[Opening Extracted entries section]
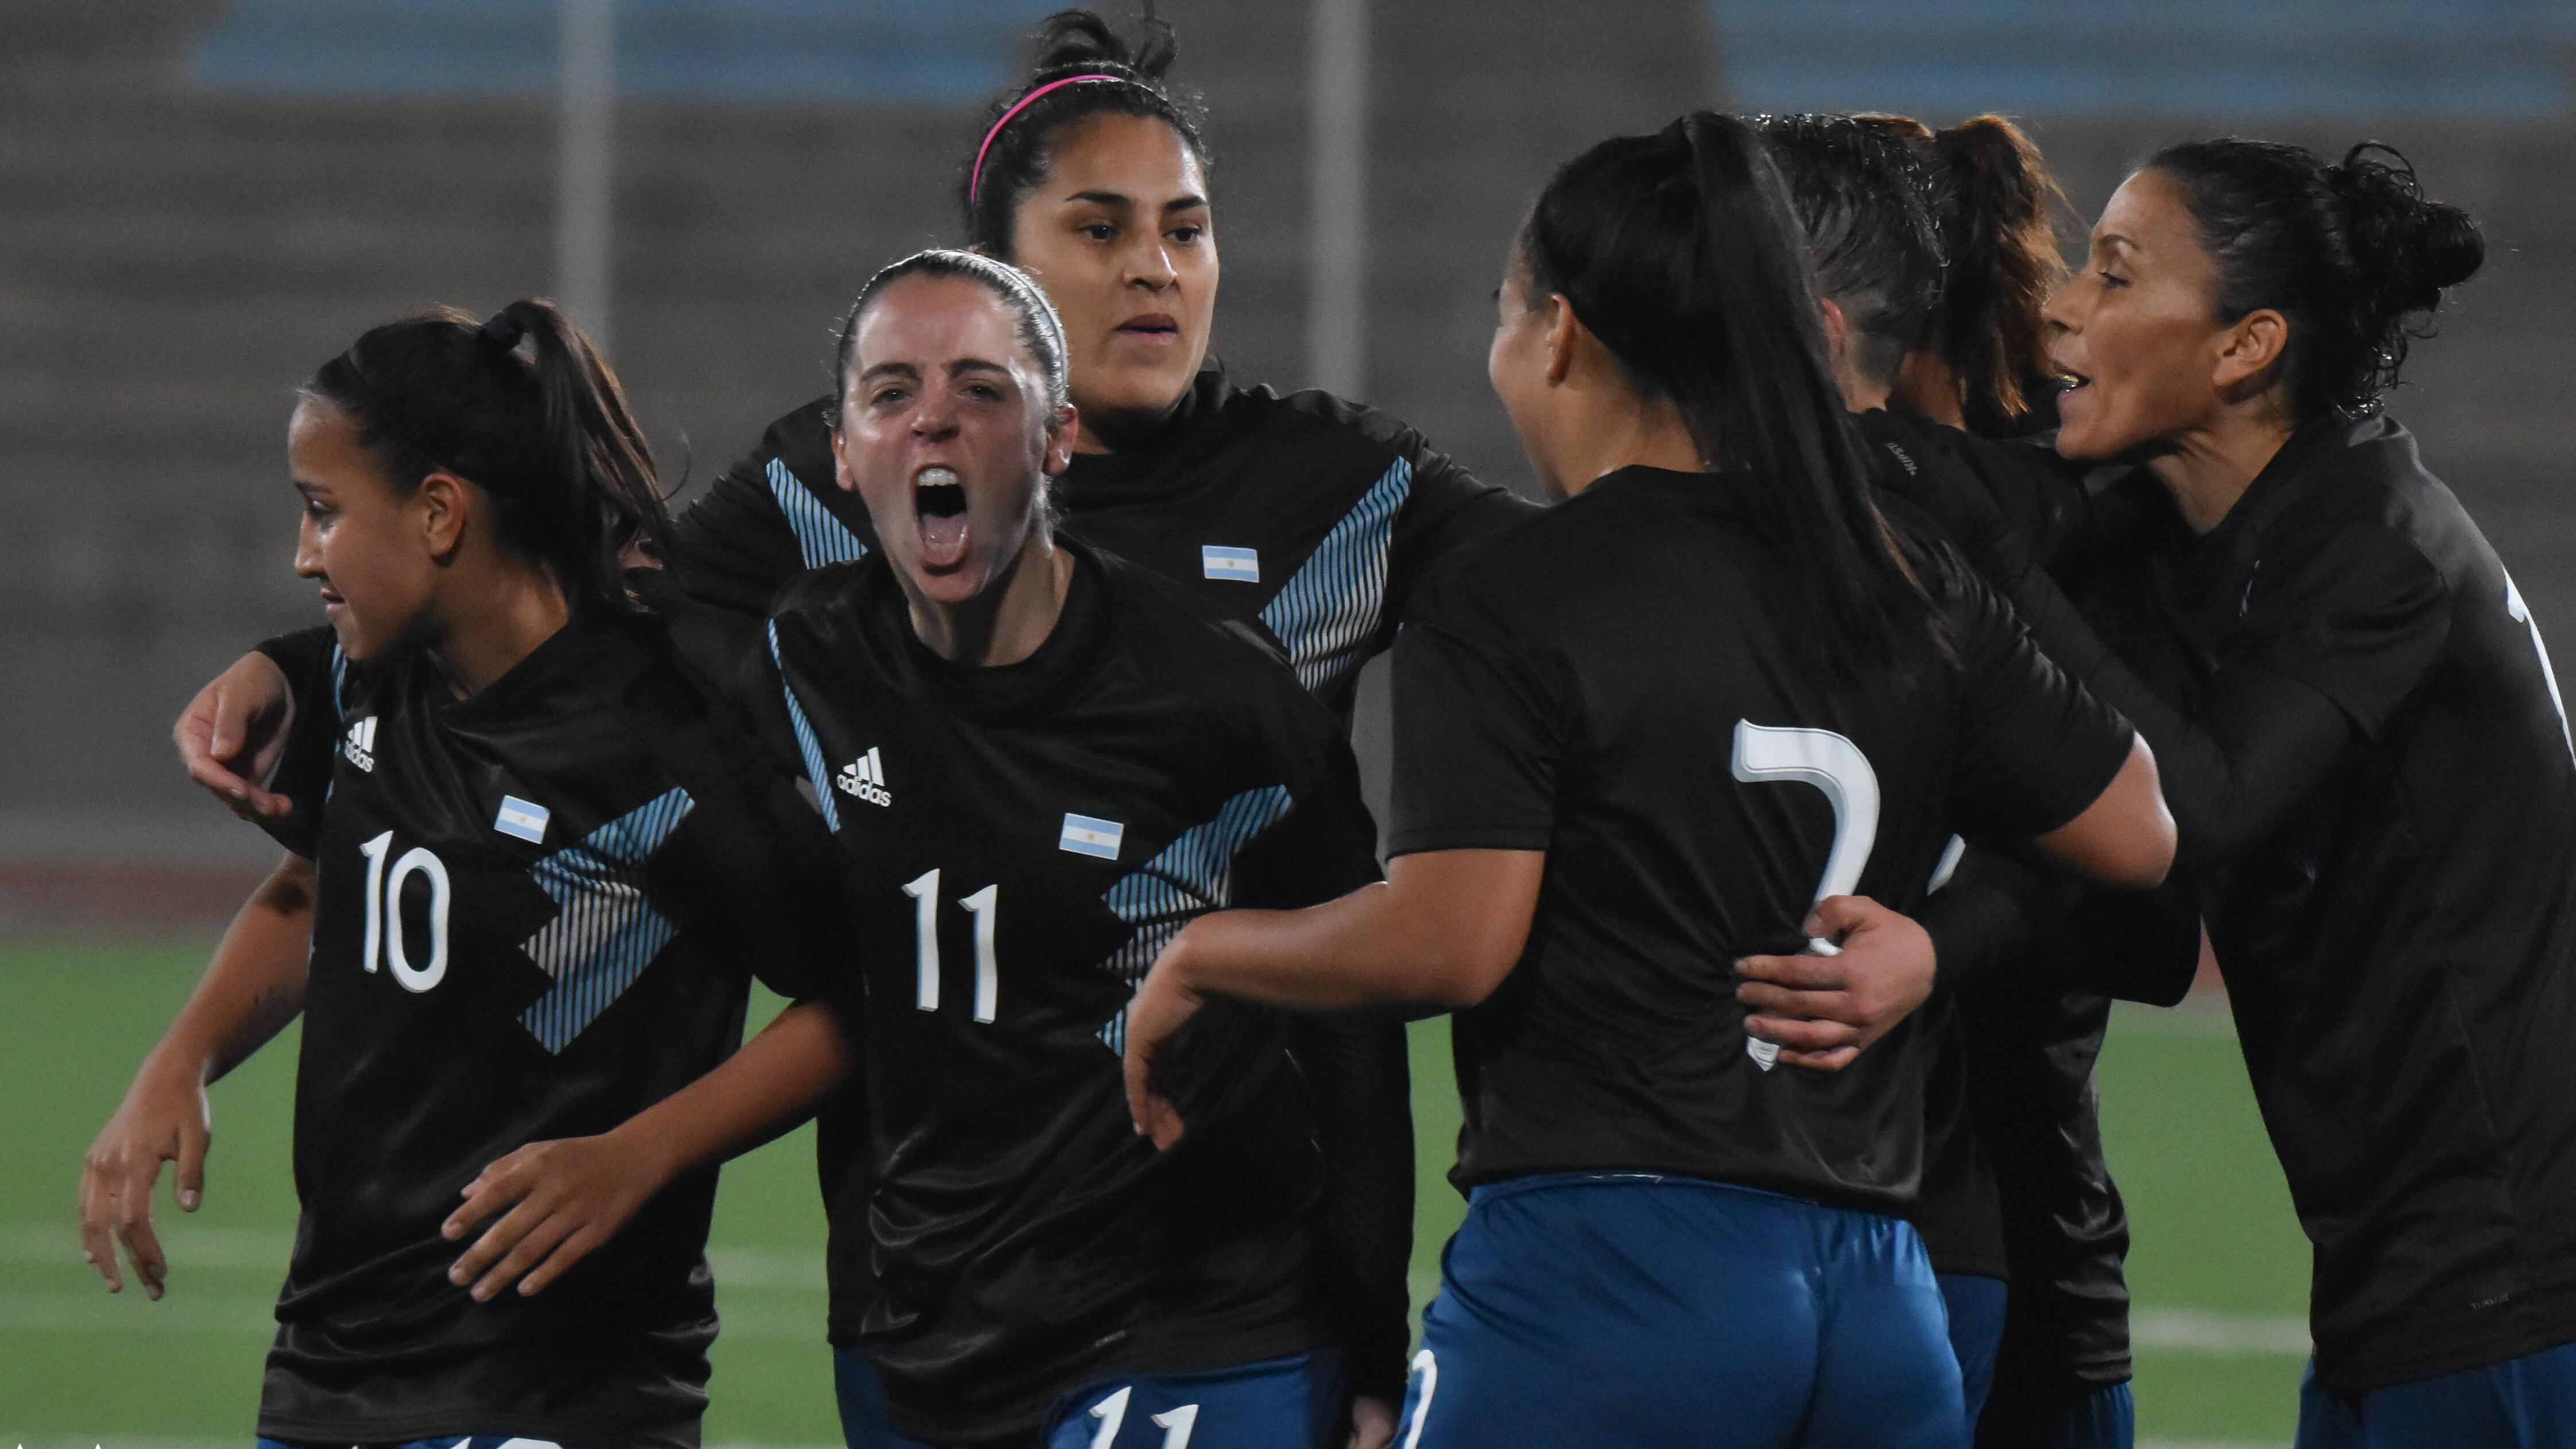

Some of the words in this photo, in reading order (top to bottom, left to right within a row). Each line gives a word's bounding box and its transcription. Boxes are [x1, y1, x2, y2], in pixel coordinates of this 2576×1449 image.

[836, 774, 892, 807] adidas
[1731, 718, 1881, 957] 7
[359, 830, 451, 994] 10
[901, 868, 998, 1025] 11
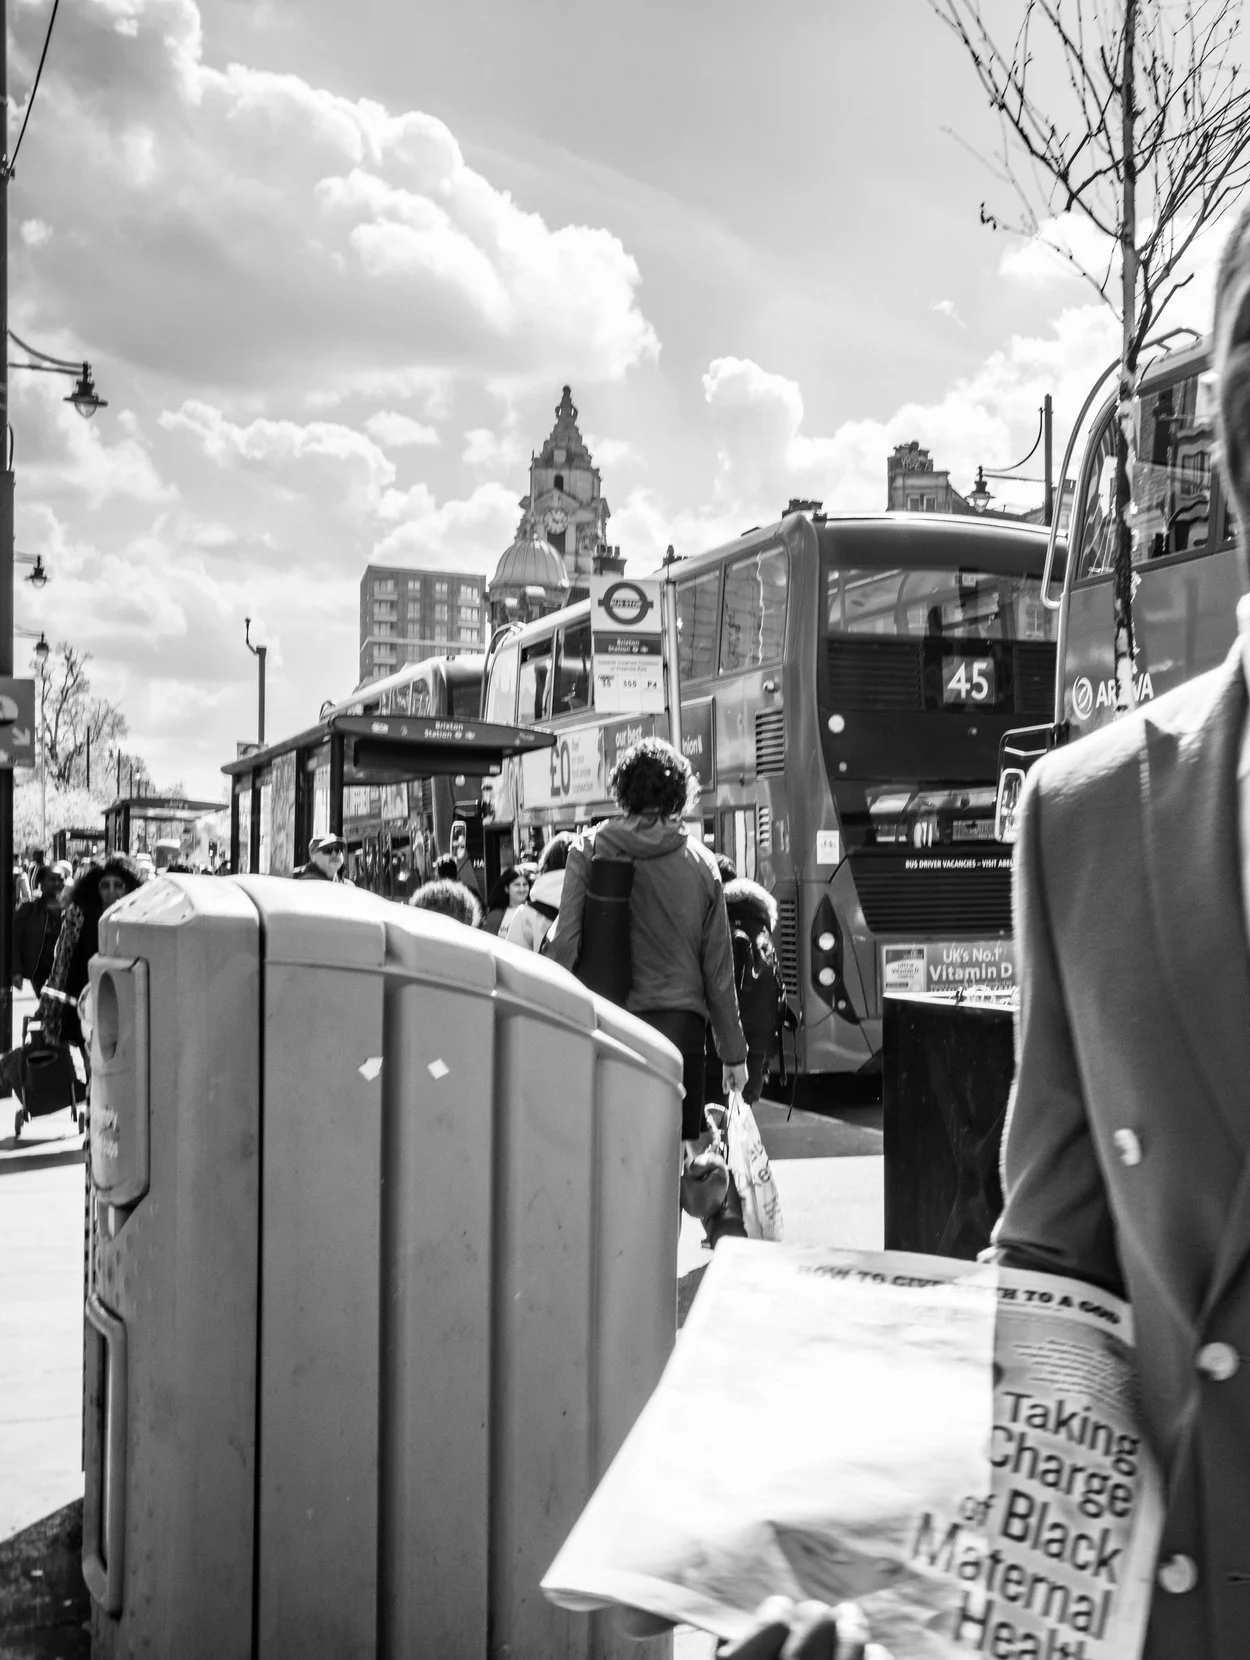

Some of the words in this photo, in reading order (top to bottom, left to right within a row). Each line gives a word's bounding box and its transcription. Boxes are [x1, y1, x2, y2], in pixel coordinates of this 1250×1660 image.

[946, 660, 989, 700] 45
[1095, 672, 1155, 708] ARVA
[424, 729, 452, 739] Station
[435, 721, 464, 731] Brixton
[905, 859, 918, 869] BUS
[919, 859, 941, 869] DRIVER
[942, 859, 976, 869] VACANCIES
[982, 859, 997, 868] VISIT
[943, 947, 969, 963] UK's
[929, 963, 997, 981] Vitamin
[1001, 962, 1013, 978] D
[1024, 1290, 1053, 1304] TO
[1058, 1295, 1074, 1308] A
[1002, 1390, 1141, 1477] Taking
[985, 1424, 1133, 1519] Charge
[1001, 1487, 1122, 1585] Black
[912, 1511, 1113, 1641] Maternal
[Closing Extracted entries section]
* [Problem requirements]: All entries must come back exactly as written, though without their pictures.

* [Answer space]:
Some of the words in this photo, in reading order (top to bottom, left to right within a row). Each line gives a word's bounding box and its transcription. Boxes are [x1, y1, x2, y2], in pixel coordinates of this 2576×1449 image.

[836, 774, 892, 807] adidas
[1731, 718, 1881, 957] 7
[359, 830, 451, 994] 10
[901, 868, 998, 1025] 11

Some of the words in this photo, in reading order (top to bottom, left to right within a row). Each line gives a word's bounding box and its transcription. Boxes are [x1, y1, x2, y2], in pixel coordinates of this 1250×1660 image.

[946, 660, 989, 700] 45
[1095, 672, 1155, 708] ARVA
[424, 729, 452, 739] Station
[435, 721, 464, 731] Brixton
[905, 859, 918, 869] BUS
[919, 859, 941, 869] DRIVER
[942, 859, 976, 869] VACANCIES
[982, 859, 997, 868] VISIT
[943, 947, 969, 963] UK's
[929, 963, 997, 981] Vitamin
[1001, 962, 1013, 978] D
[1024, 1290, 1053, 1304] TO
[1058, 1295, 1074, 1308] A
[1002, 1390, 1141, 1477] Taking
[985, 1424, 1133, 1519] Charge
[1001, 1487, 1122, 1585] Black
[912, 1511, 1113, 1641] Maternal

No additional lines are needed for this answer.